Below is a verbatim transcript. Also watch the accompanying video.

Q: Volatility has picked up in the last few days. Do you think 5,350 as a floor will hold out for the Nifty?

A: At the moment that is what we are looking at. The market is in a range where it is quite unwilling to go down. But at the same time, those tabs at the higher levels are not really meeting up with far too much follow-throughs. We are in for a bout of volatility. We have seen a lot of volatility across last few days. Such a situation is likely to last across the next eight-10 sessions also. It is just going to get swung around with 100-250 points on the Nifty across successive days.

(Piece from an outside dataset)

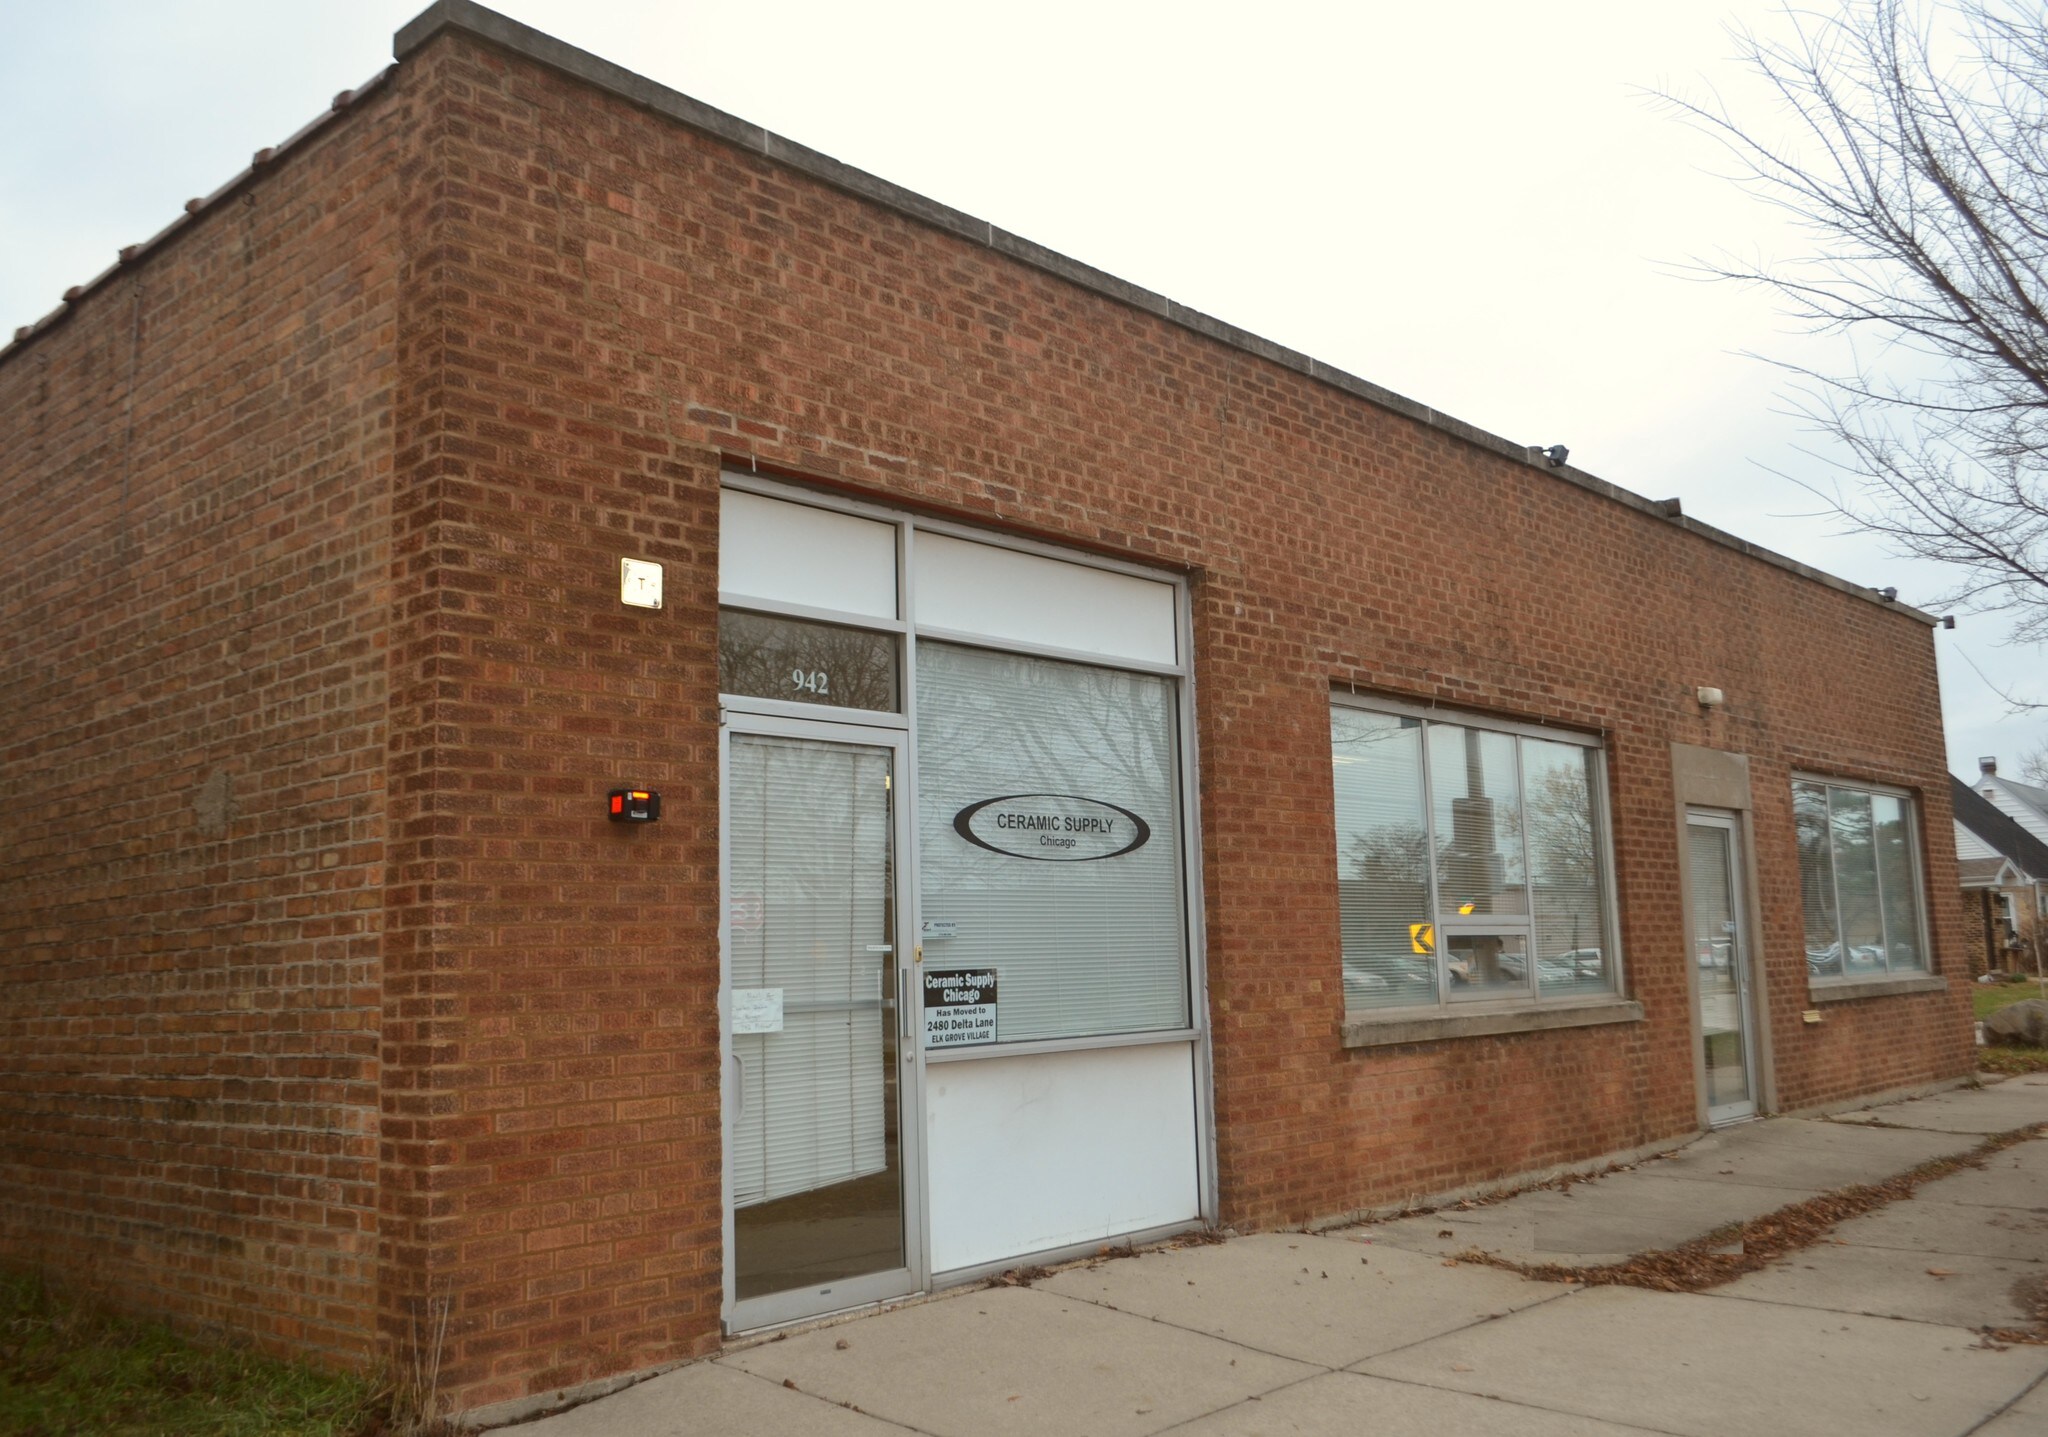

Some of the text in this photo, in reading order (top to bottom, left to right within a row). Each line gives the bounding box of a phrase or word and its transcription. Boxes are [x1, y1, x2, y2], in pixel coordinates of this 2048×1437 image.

Q: Eventually which way do you see it giving? September and October tend to be quite large swing months, at least history suggest that. Do you see 5,550 being pierced on the way up convincingly or the 5,350 support giving way?

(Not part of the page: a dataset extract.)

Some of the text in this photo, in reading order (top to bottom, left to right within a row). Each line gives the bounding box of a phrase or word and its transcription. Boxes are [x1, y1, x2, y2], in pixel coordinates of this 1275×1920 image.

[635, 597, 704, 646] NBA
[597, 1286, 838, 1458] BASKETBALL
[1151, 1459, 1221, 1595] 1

A: Let us look upon the history part a little. If you look at the history of our Index you will find that September is never a month where the market makes a low. You will really find except for 2001 when we had the 9/11 attack, other than that September is never a favoured month for a low. Going by history alone, we can see that the lower end of the level is not going to break this month. October is a much more fancied month for either highs or lows. I would think that if we have to go down then we would probably do it in October and not really in September.

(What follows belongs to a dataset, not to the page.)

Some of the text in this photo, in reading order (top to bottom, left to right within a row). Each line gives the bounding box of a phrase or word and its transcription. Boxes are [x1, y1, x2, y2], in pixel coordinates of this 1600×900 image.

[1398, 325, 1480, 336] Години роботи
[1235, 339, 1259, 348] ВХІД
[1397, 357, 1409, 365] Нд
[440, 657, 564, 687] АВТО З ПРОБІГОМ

As far as whether we will break the high, I think that has become a bit of an iffy issue because mainly owing to valuations and reluctance among the larger players to chase the stocks on the higher side. We had the Index being lead up by the banking stocks for quite a while. Now they seem to be taking a risk because there is a feeling or growing consensus right now that public sector undertaking (PSU) banking stocks are not really as attractive as they were looking a while ago. If banking also has sort of given up on the upside burst, then we will really need to have some other sector stepping up to the crease and starting to bat for the bulls.

At the moment since it is not visible, I do not think really going to breakout much on the upward. So September seems to be a ranging month with probability of the lows being broken sometime in October.

Q: The problem is that people are quite fearful about a breakdown in the US indices which might have some collateral damage out here. How is that set up looking, charts like S&P, Dow etc?

A: That area is really flummoxing the minds of most people. Typically you have the situation where, if you compare the equity markets with the bonds, they give you a decent handle on what is likely to happen. But if you examine the data in the US over the last six months or more, the bonds yields on the ten year US treasury, has been having a huge run.

It was down to about 2.47%. You are having this big run on the bond yields and at the same time, the equity prices are not really cracking, as they would generally be expected to do. It is flummoxing most minds right now. History has shown us that whenever there is a tussle between the bond markets and equity markets, it is always the bond markets which win. It is several times the size of the equity markets and that is where the mind of the market is pointing towards.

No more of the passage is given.